Firenze 27 Settembre 2022

L’errore nell’esercizio della professione medica, come in ogni altra attività umana, è sempre possibile. Tanto che si dice che il medico bravo sia quello che sbaglia meno degli altri. L’errore è quasi una componente fisiologica, come sottolinea l’errare humanum est di proverbiale memoria. Ma il solo pensare che il medico possa sbagliare nel momento in cui ci affidiamo alle sue cure aumenta in noi l’insicurezza fino allo smarrimento di fronte alla malattia, proprio quando abbiamo bisogno di certezze. Inconsapevolmente vogliamo il medico come figura onnipotente che non può sbagliare. Ma le statistiche sugli errori dei medici ci riportano alla realtà. Errori dei medici e del personale sanitario che possono dare luogo a conseguenze talvolta irreversibili e gravi, fino alla morte del paziente.

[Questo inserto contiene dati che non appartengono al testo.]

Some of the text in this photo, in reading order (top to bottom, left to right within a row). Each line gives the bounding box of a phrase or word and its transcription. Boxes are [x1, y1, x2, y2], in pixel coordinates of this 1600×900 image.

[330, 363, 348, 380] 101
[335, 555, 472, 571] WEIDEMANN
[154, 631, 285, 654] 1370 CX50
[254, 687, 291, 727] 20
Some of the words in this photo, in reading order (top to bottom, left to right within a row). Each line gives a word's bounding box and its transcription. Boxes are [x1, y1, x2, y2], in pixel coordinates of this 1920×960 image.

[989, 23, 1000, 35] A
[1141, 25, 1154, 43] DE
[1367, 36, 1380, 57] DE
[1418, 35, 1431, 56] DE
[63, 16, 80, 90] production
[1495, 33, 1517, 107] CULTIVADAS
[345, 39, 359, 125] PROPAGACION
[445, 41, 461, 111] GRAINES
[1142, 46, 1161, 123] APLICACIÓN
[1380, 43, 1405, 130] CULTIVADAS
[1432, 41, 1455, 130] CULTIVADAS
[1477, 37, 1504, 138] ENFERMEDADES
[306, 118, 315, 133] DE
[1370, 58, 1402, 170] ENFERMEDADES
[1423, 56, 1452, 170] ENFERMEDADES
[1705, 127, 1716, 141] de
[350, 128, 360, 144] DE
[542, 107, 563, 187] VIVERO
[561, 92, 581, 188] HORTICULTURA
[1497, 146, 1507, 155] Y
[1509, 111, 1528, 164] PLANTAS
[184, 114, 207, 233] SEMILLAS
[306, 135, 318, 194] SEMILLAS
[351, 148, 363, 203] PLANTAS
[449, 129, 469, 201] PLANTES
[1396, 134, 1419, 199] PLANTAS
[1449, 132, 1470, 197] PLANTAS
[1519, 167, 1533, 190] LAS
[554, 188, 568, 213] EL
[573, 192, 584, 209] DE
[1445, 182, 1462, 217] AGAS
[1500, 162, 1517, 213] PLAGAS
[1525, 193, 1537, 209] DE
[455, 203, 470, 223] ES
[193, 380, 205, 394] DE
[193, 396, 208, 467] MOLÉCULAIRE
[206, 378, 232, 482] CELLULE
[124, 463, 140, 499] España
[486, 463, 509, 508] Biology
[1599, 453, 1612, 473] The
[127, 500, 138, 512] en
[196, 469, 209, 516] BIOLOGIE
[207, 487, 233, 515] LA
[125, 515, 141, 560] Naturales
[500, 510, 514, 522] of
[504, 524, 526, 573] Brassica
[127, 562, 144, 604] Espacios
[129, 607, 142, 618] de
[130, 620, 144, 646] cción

Fra gli errori medici più frequenti in ambiente ospedaliero, al primo posto ci sono quelli che avvengono in sala operatoria: arrivano al 38,4 per cento

In Italia gli errori più frequenti che si verificano in ambiente ospedaliero, vengono segnalati in ambito chirurgico e raggiungono il 38,4 per cento, causati da imperizia operatoria. Altrettanto importanti sono gli errori diagnostici che toccano la cifra del 20,7 per cento dei casi, quelli terapeutici (10,8) e le infezioni in ospedale o al pronto soccorso (6,7)
Questi dati forniti dallo “Sportello Legale Sanità”, di Roma, Milano e Bologna, hanno un valore solo indicativo. Non abbiamo, fino ad oggi, dati certi sugli errori del medico, tanto meno nella sua attività di libero professionista. Negli Stati Uniti, dove le compagnie assicuratrici contribuiscono ad individuare gli errori diagnostici a scopo di risarcimento, i casi di decesso da “Malasanità”, sono compresi tra i 40.000 e gli 80.000 all’anno.
I dati statistici, indispensabili ai fini della ricerca, sono sempre eloquenti per una percezione immediata del problema. Ma al di là del linguaggio dei numeri e delle percentuali sulla organizzazione sanitaria, pubblica o privata, numero di posti letto, di personale sanitario e di attrezzature tecnologiche disponibili, è sempre il medico la figura professionale centrale su cui grava il compito della sintesi diagnostica e di ogni decisione terapeutica, quindi la responsabilità dell’errore.

Le statistiche ci dicono che l’errore medico è frequente, tanto che si parla di malattie “iatrogene”, causate dall’imperizia del medico nel somministrare farmaci o nelle procedure chirurgiche. Ma è difficile avere dati precisi (foto di Gerd Altmann)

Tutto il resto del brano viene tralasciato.